* HOW TO COMPLETE THIS TASK
Output each line of the listing that follows, with every character kept as it is.

* EXCERPTED DATA
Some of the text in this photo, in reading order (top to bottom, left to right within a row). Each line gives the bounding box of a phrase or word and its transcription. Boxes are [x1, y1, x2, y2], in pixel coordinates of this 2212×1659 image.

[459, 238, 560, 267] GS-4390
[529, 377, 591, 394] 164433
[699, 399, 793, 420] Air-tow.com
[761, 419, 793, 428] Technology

* SOLUTION
Some of the text in this photo, in reading order (top to bottom, left to right within a row). Each line gives the bounding box of a phrase or word and its transcription. Boxes are [x1, y1, x2, y2], in pixel coordinates of this 2212×1659 image.

[459, 238, 560, 267] GS-4390
[529, 377, 591, 394] 164433
[699, 399, 793, 420] Air-tow.com
[761, 419, 793, 428] Technology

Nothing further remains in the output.